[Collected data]
────

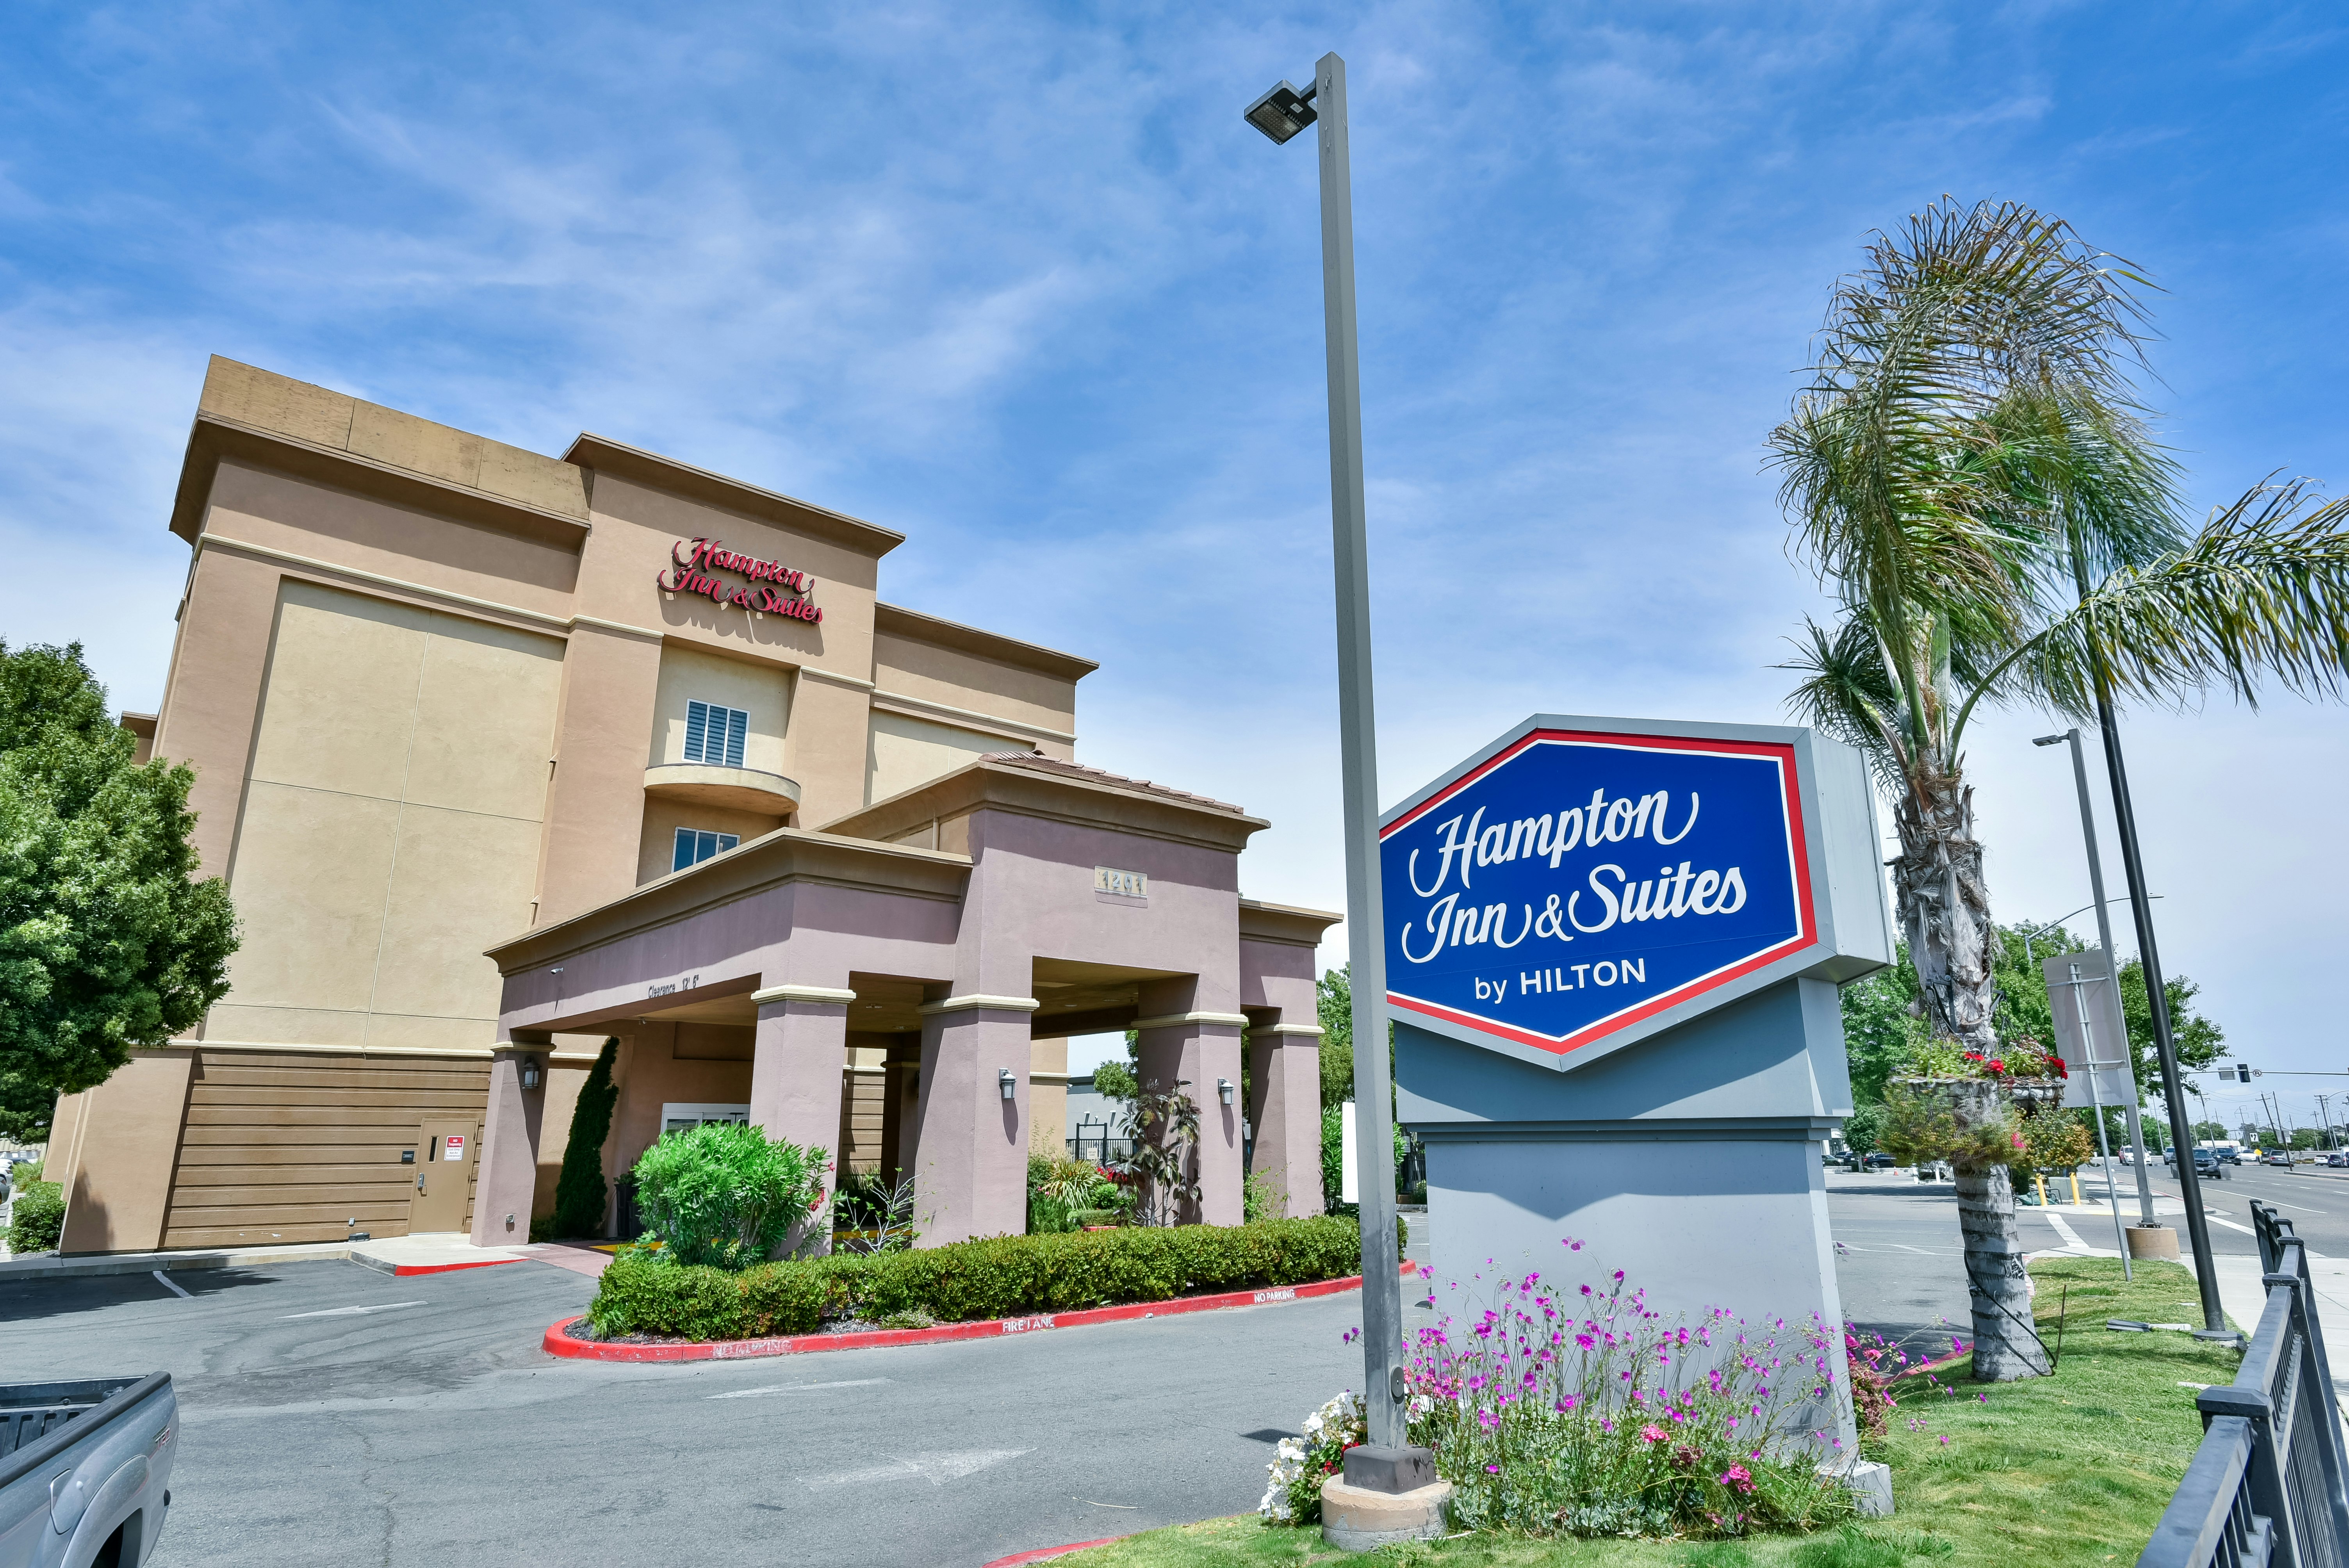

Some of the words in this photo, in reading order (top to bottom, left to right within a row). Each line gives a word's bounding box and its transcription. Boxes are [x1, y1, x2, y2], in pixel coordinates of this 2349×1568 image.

[672, 537, 815, 595] Hampton
[657, 567, 734, 604] Inn
[732, 588, 751, 611] &
[750, 586, 823, 625] Suites
[1409, 788, 1698, 897] Hampton
[1102, 871, 1142, 891] 1201
[1402, 893, 1532, 963] Inn
[1535, 894, 1574, 941] &
[1568, 861, 1747, 932] Suites
[649, 983, 675, 998] Clearance
[1475, 977, 1507, 1003] by
[1520, 958, 1646, 995] HILTON
[1254, 1293, 1265, 1303] NO
[1266, 1288, 1295, 1301] PARKING
[1002, 1319, 1024, 1333] FIRE
[155, 1427, 170, 1449] TRD

────

To do: Could you return all of the entries above exactly, without any images?

Task output:
Some of the words in this photo, in reading order (top to bottom, left to right within a row). Each line gives a word's bounding box and its transcription. Boxes are [x1, y1, x2, y2], in pixel coordinates of this 2349×1568 image.

[672, 537, 815, 595] Hampton
[657, 567, 734, 604] Inn
[732, 588, 751, 611] &
[750, 586, 823, 625] Suites
[1409, 788, 1698, 897] Hampton
[1102, 871, 1142, 891] 1201
[1402, 893, 1532, 963] Inn
[1535, 894, 1574, 941] &
[1568, 861, 1747, 932] Suites
[649, 983, 675, 998] Clearance
[1475, 977, 1507, 1003] by
[1520, 958, 1646, 995] HILTON
[1254, 1293, 1265, 1303] NO
[1266, 1288, 1295, 1301] PARKING
[1002, 1319, 1024, 1333] FIRE
[155, 1427, 170, 1449] TRD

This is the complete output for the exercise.